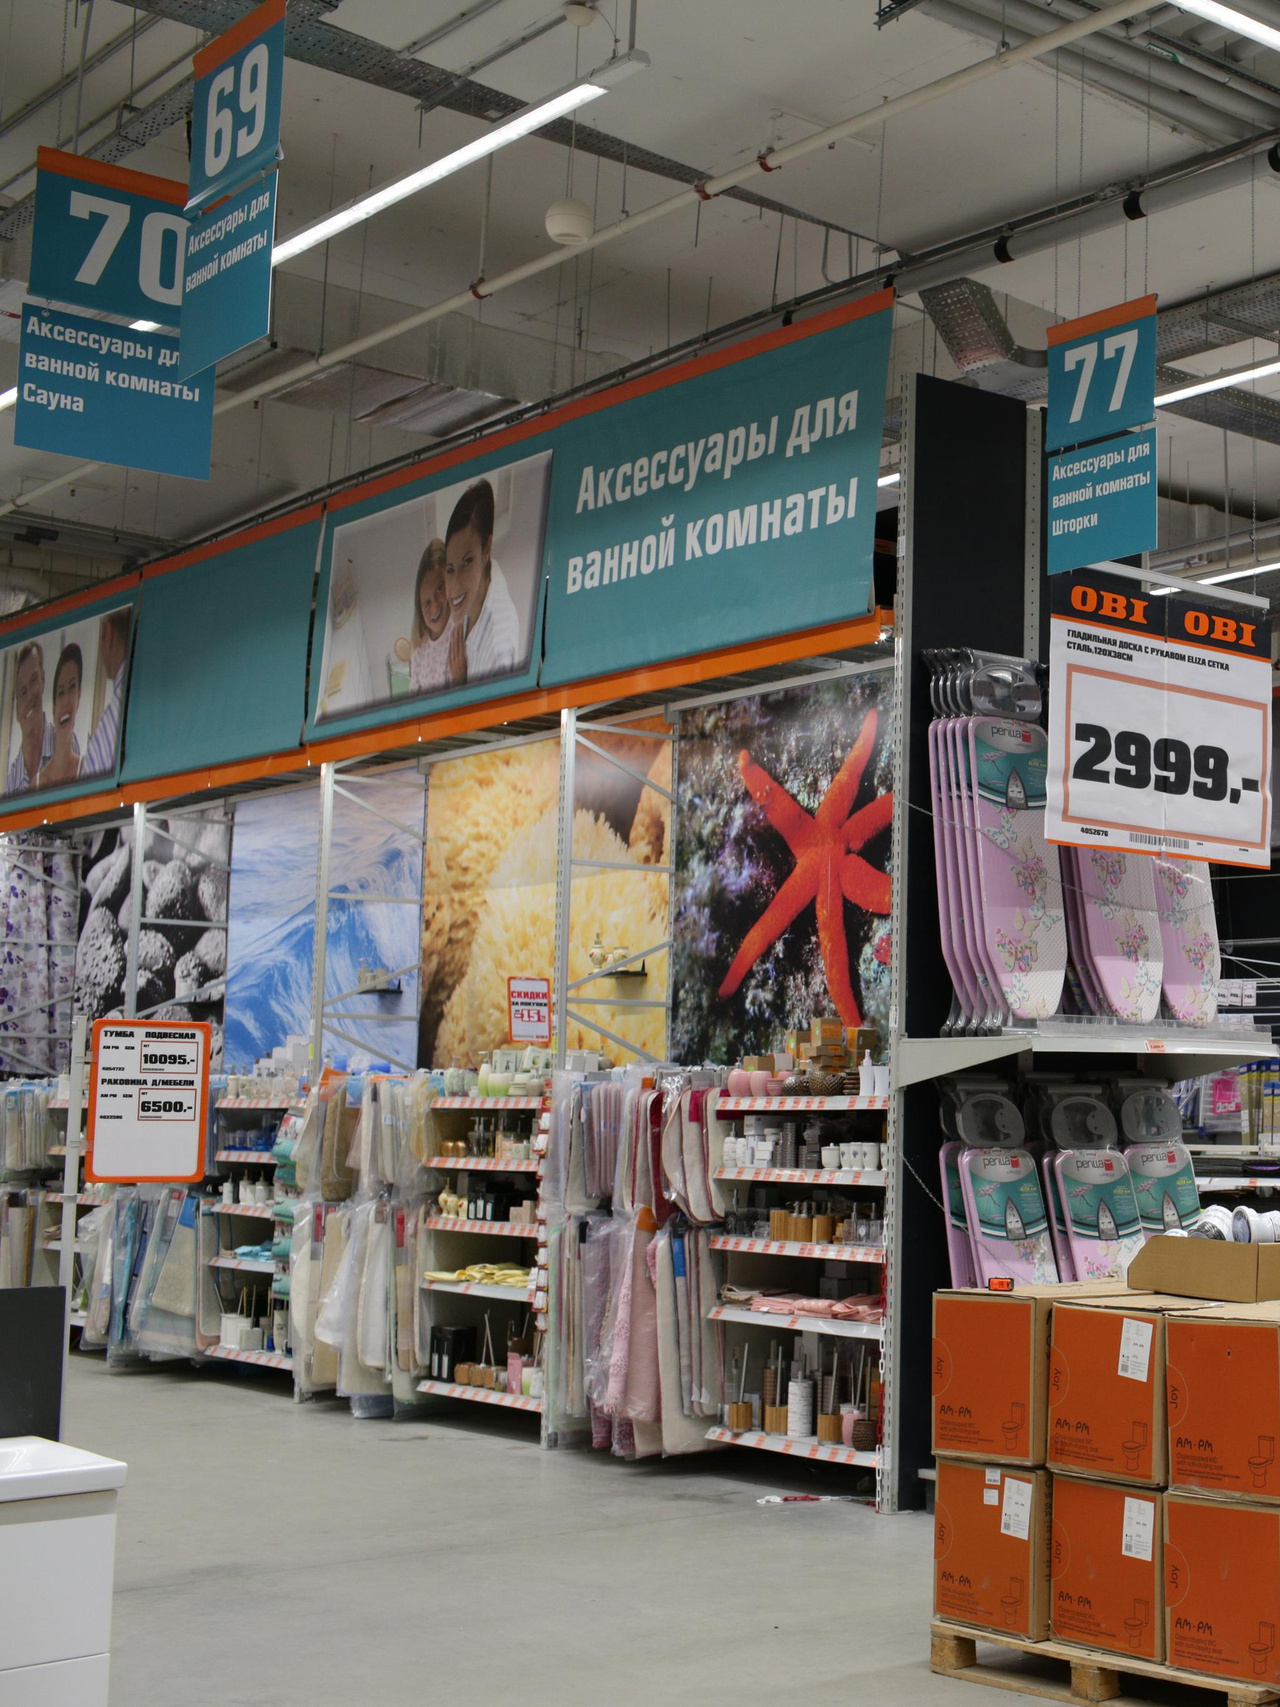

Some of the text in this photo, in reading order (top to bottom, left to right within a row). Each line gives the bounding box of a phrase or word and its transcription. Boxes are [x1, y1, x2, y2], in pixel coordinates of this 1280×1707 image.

[204, 43, 269, 177] 69
[188, 191, 270, 257] Аксессуары для
[69, 190, 183, 306] 70
[186, 229, 268, 293] ванной комнаты
[26, 315, 180, 367] Аксессуары дл
[25, 352, 200, 402] ванной комнаты
[1064, 328, 1139, 424] 77
[23, 382, 84, 413] Сауна
[575, 389, 860, 514] Аксессуары для
[1053, 442, 1150, 482] Аксессуары для
[1053, 470, 1150, 509] ванной комнаты
[566, 476, 859, 597] ванной комнаты
[1053, 512, 1098, 537] Шторки
[1070, 584, 1149, 625] OBI
[1184, 610, 1256, 647] OBI
[1067, 629, 1117, 647] ГЛАДИЛЬНАЯ
[1118, 640, 1143, 653] ДОСКА
[1150, 647, 1186, 662] РУКАВОМ
[1187, 655, 1206, 667] ELIZA
[1207, 659, 1230, 671] СЕТКА
[510, 991, 547, 1000] СКИДКИ
[103, 1030, 196, 1040] ТУМБА ПОДВЕСНАЯ
[101, 1078, 147, 1086] РАКОВИНА

Aim of the exercise: Repeat the entries above exactly and skip the images.

Your response:
Some of the text in this photo, in reading order (top to bottom, left to right within a row). Each line gives the bounding box of a phrase or word and its transcription. Boxes are [x1, y1, x2, y2], in pixel coordinates of this 1280×1707 image.

[204, 43, 269, 177] 69
[188, 191, 270, 257] Аксессуары для
[69, 190, 183, 306] 70
[186, 229, 268, 293] ванной комнаты
[26, 315, 180, 367] Аксессуары дл
[25, 352, 200, 402] ванной комнаты
[1064, 328, 1139, 424] 77
[23, 382, 84, 413] Сауна
[575, 389, 860, 514] Аксессуары для
[1053, 442, 1150, 482] Аксессуары для
[1053, 470, 1150, 509] ванной комнаты
[566, 476, 859, 597] ванной комнаты
[1053, 512, 1098, 537] Шторки
[1070, 584, 1149, 625] OBI
[1184, 610, 1256, 647] OBI
[1067, 629, 1117, 647] ГЛАДИЛЬНАЯ
[1118, 640, 1143, 653] ДОСКА
[1150, 647, 1186, 662] РУКАВОМ
[1187, 655, 1206, 667] ELIZA
[1207, 659, 1230, 671] СЕТКА
[510, 991, 547, 1000] СКИДКИ
[103, 1030, 196, 1040] ТУМБА ПОДВЕСНАЯ
[101, 1078, 147, 1086] РАКОВИНА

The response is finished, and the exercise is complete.